Uncovering viral inhibitory mechanisms of interferon poduction and signaling
OA Version
Citation
Abstract
Viruses pose a major threat to human health. In response, the human immune system has evolved various methods to combat viral infections. During viral infection, the innate immune system recognizes and counteracts foreign pathogens by inducing an antiviral response that involves the production of type I interferons (IFNs), such as IFNꞵ, which promote transcription of hundreds of interferon-stimulated genes (ISGs), responsible for inhibiting viral replication and infection. ISGs are activated through an upstream IFN-stimulated response element (ISRE) promoter sequence.

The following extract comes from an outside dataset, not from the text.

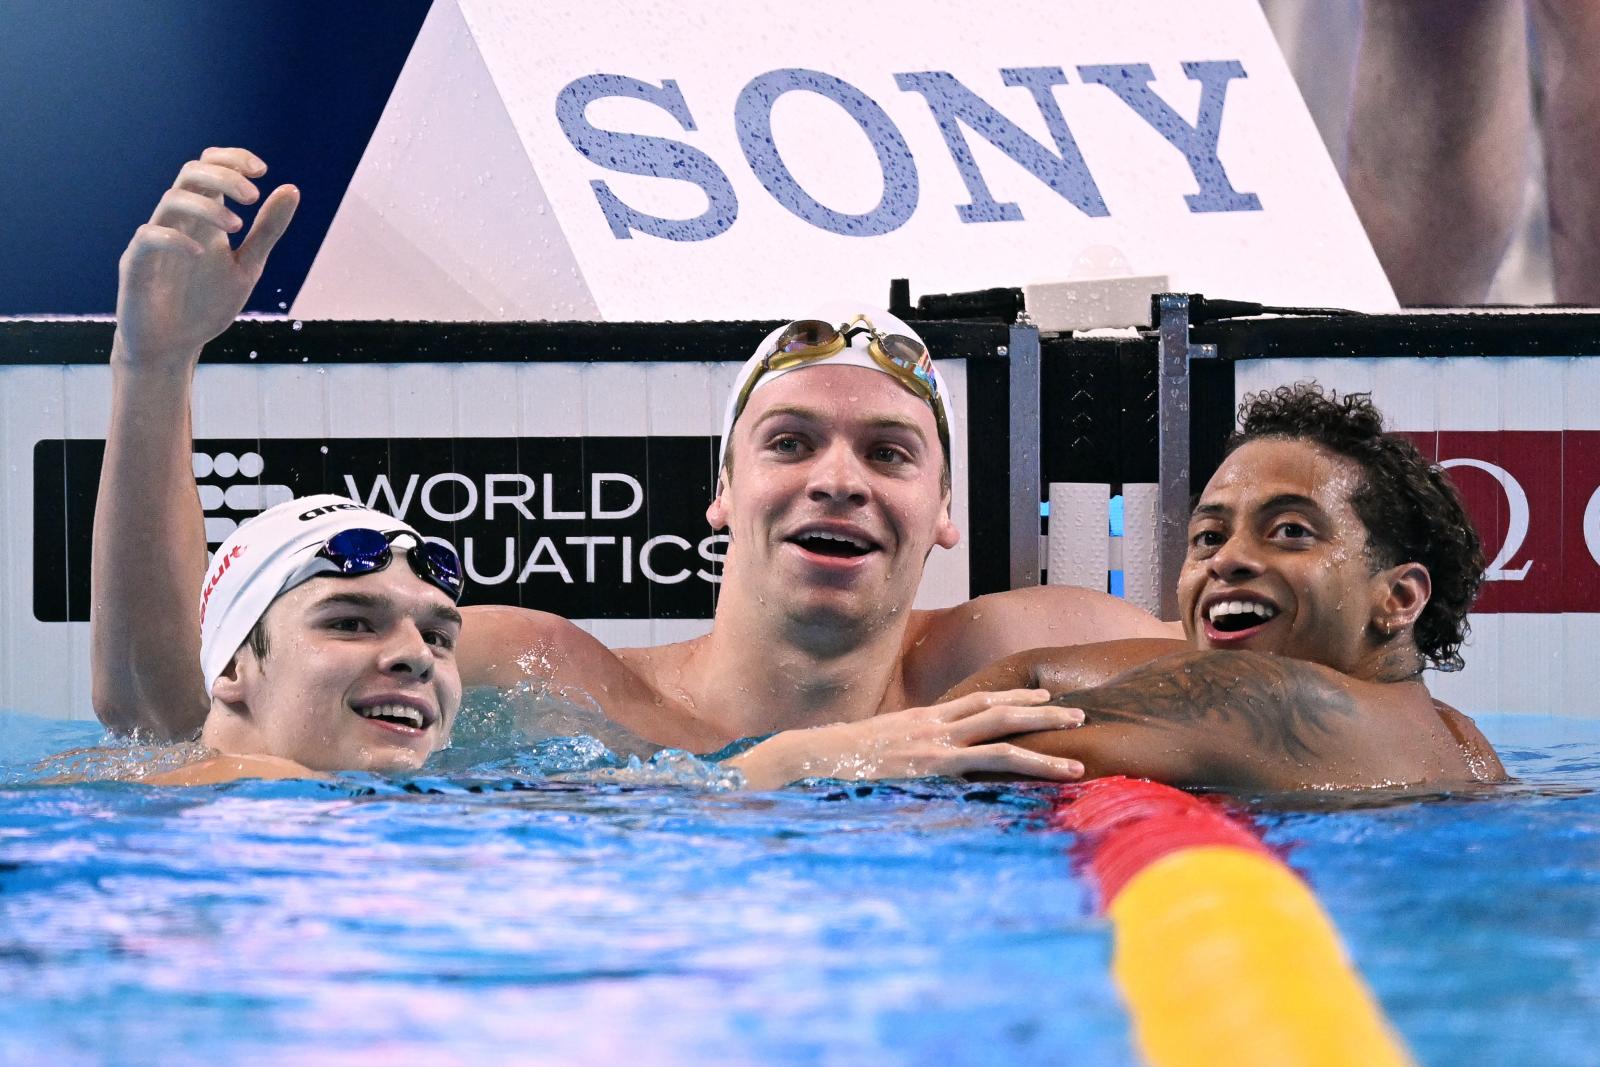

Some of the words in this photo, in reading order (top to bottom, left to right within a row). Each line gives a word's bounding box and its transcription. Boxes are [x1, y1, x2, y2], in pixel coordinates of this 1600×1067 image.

Viruses have thus adapted multiple mechanisms to evade immune detection, encoding proteins and peptides that inhibit the production of IFNs and subsequent activation of ISGs. However, knowledge of viral peptides interfering with the interferon signaling pathway is limited to a few anecdotal examples. Here, we will use a stable cell line carrying the GFP reporter under control of the IFNꞵ or ISRE promoter and a viral peptide library comprising ~70,000 peptides from more than 20 viruses that infect humans to perform a pooled screen. This will allow the identification of viral peptides that interfere with activation of the IFNꞵ and ISRE promoter and subsequently inhibit IFNꞵ and ISG expression. Overall, the identification and characterization of inhibitory viral peptides of the interferon signaling pathway will advance the understanding of viral strategies of immune evasion and offer insight into potential therapeutic avenues for combating viral diseases.